C’est exquis de : Prendre soin de mon jardin. J’ai tout le temps de faire pousser des petites graines que j’ai collectées l’année dernière parce qu’on ne sait pas quand on pourra aller chez les producteurs de plantes.

Ça me rend extatique :

En ce moment je (re)lis : « Pandemia » de Franck Thilliez. Je l’ai retrouvé dans ma bibliothèque, et c’est tout a fait de circonstance.

Je dis « respect » à : toutes les personnes qui sont en première ligne, je pense en particulier à mes épiciers qui sont sur le pont dès 4 h du matin. Pédagogie, désinfection du comptoir entre chaque client, … je ne voudrais pas être à leur place.

Je ne résiste pas à : ce gâteau que nous faisons chaque semaine. Faut pas se laisser aller.

J’vais t’dire une bonne chose :

Dans ma bagnole je n’ai besoin de personne et j’écoute à fond : Je roule tellement peu, France Inter me manque. Je pourrais l’écouter à la maison, mais c’est pas pareil.

La pensée hautement philosophique de la semaine :

Je me taperais bien : Un très bon restaurant. Après…

J’ai été raisonnable (25/2): En allant dans un magasin de carrelage, le vendeur toussait comme un perdu. Nous avons choisi, et en redescendant, sa collègue toussait comme une perdue. « Eh oui, nous sommes tous malades », nous a-t-elle dit. En remontant dans la voiture, j’ai sorti mon flacon de désinfectant et nous nous sommes nettoyé les mains mon mari et moi. (26/3) Ca préfigurait la suite. Si ça se trouve, ils n’avaient qu’un rhume carabiné.

Cette semaine pour la première fois j’ai (25/2): fait de la pâte feuilletée cacao. Début de la recette 14 h, fin 11 h le lendemain !! Mais qu’est-ce que c’est bon !

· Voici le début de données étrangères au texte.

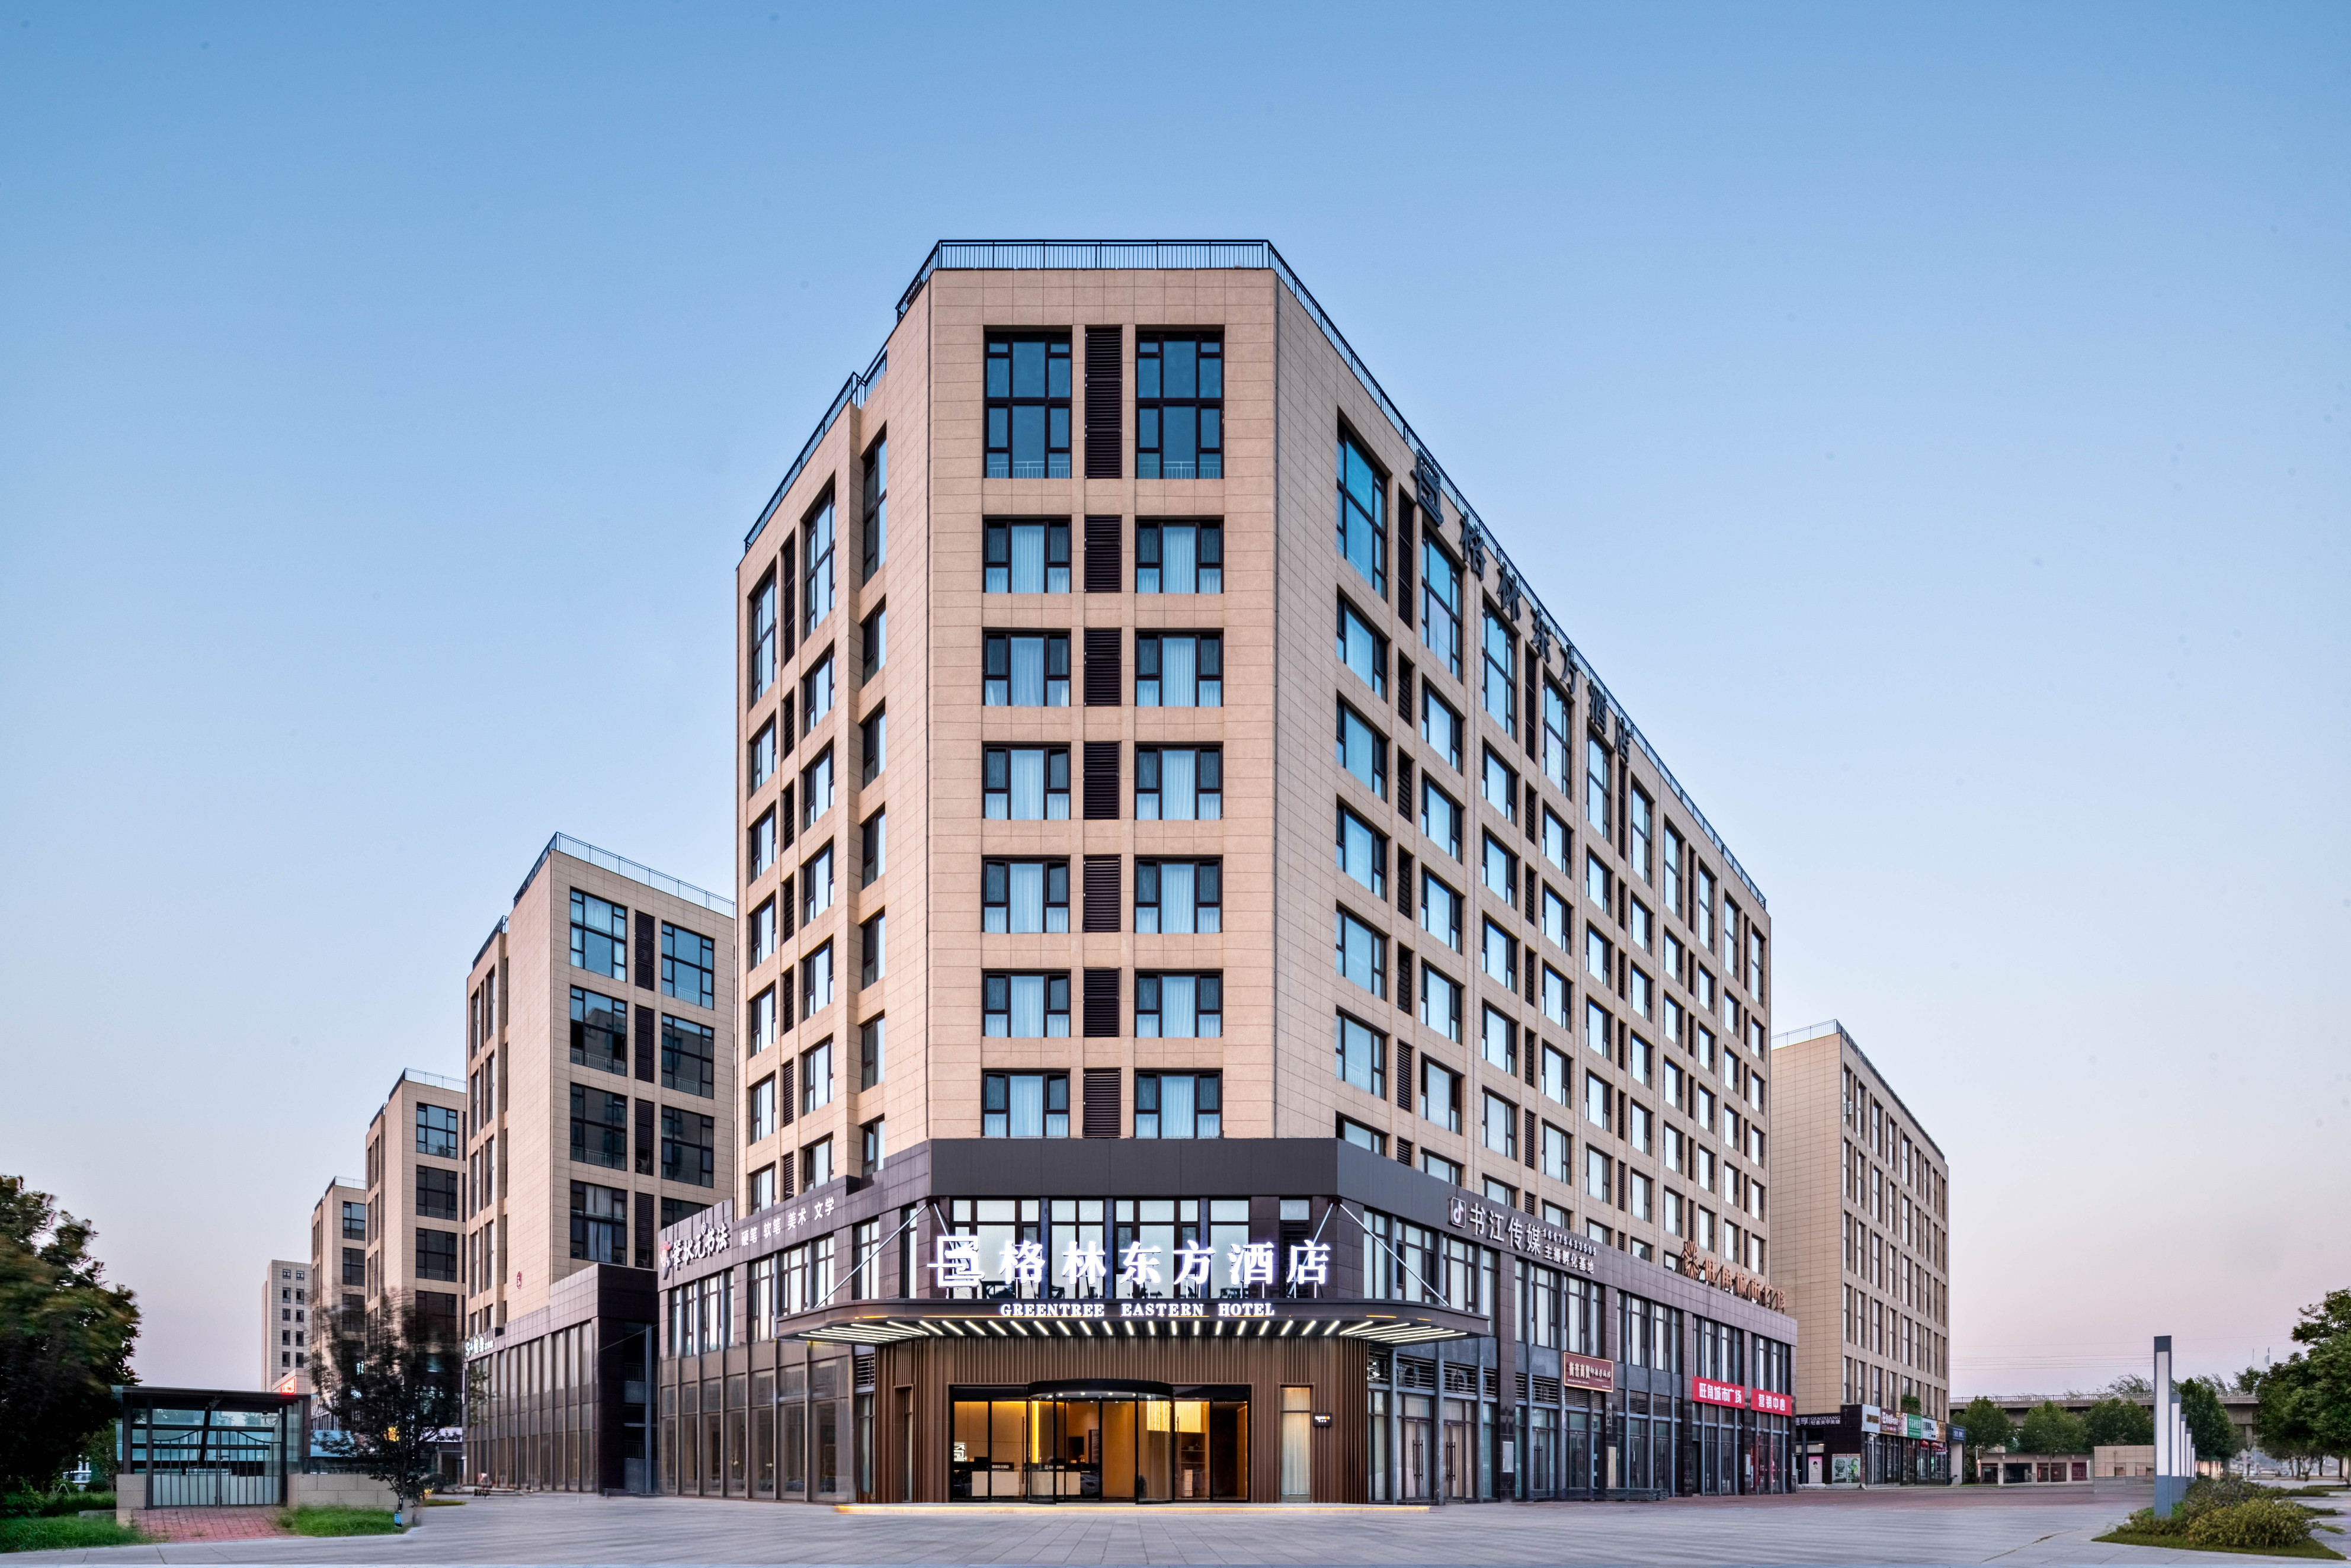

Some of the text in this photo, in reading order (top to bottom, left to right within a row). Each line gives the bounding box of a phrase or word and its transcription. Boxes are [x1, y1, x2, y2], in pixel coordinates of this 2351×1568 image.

[741, 1196, 835, 1247] 硬笔 软笔 美术 文学
[1469, 1203, 1540, 1255] 书江传媒
[1543, 1227, 1597, 1256] 16675433505
[998, 1239, 1331, 1285] 格林东方酒店
[1544, 1244, 1594, 1274] 主播孵化基地
[1000, 1304, 1275, 1317] GREENTREE EASTERN HOTEL
[1699, 1382, 1742, 1404] 旺角城市广场
[1758, 1393, 1786, 1411] 营销中心
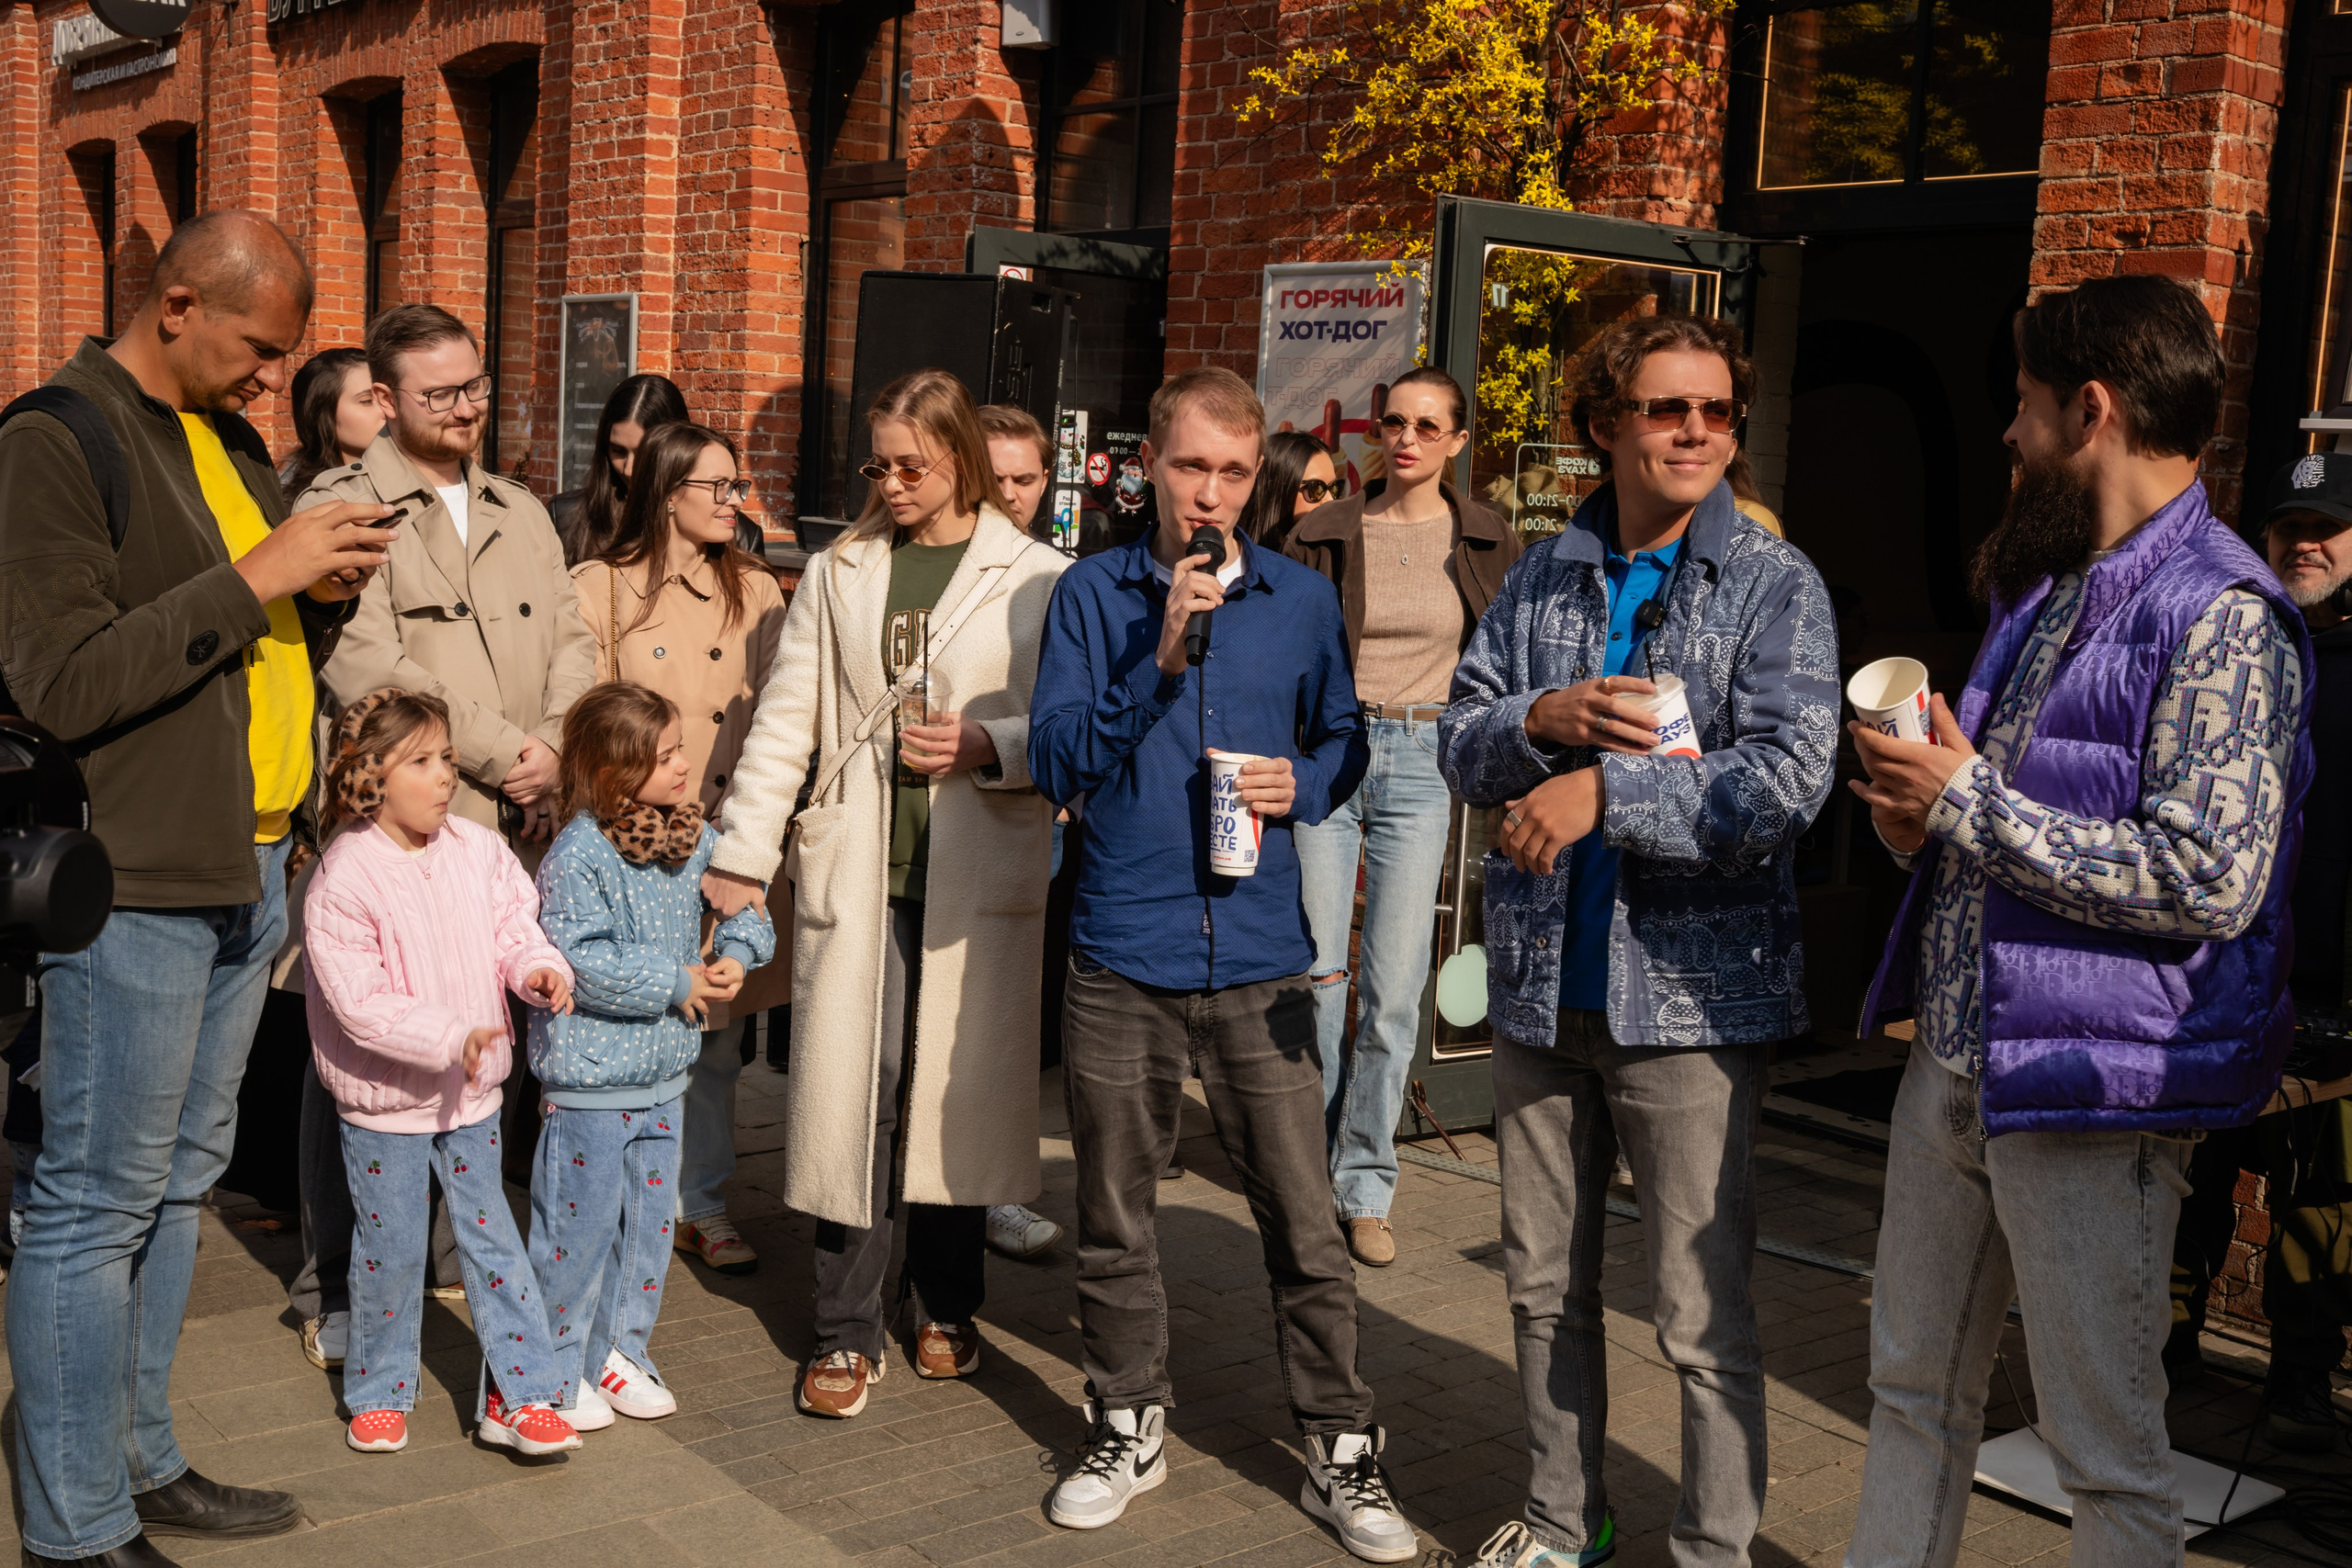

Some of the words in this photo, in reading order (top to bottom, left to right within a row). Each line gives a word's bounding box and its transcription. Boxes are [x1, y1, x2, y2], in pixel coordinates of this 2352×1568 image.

[73, 64, 120, 91] КОНДИТЕРСКАЯ
[127, 48, 176, 76] ГАСТРОНОМИЯ
[1281, 283, 1404, 309] ГОРЯЧИЙ
[1278, 321, 1387, 343] ХОТ-ДОГ
[1275, 354, 1401, 378] ГОРЯЧИЙ
[1654, 712, 1690, 736] ОФЕ
[1660, 724, 1690, 745] АУЗ
[1211, 773, 1234, 795] АЙ
[1211, 795, 1238, 813] АТЬ

C’est bien la dernière fois que je :

L’émission de tv, de radio, ou l’article de presse qui m’a le plus frappé cette semaine c’est : « Un monde sans femmes » En Asie, les politiques de contrôle des naissances et les avortements sélectifs ont conduit à un déficit de quelque 200 millions de femmes, ce qui fragilise dangereusement les équilibres sociaux et les relations entre les sexes. Enquête sur un phénomène alarmant et ses répercussions. Si vous ne l’avez pas vu, c’est tout à fait révoltant. En particulier la même période où au États-Unis les femmes se battaient pour le droit à l’avortement et que les américains avortaient à tour de bras dans les pays émergents.

Plutôt que d’être assise à mon bureau, là tout de suite j’aimerais mieux : Je vais aller lire.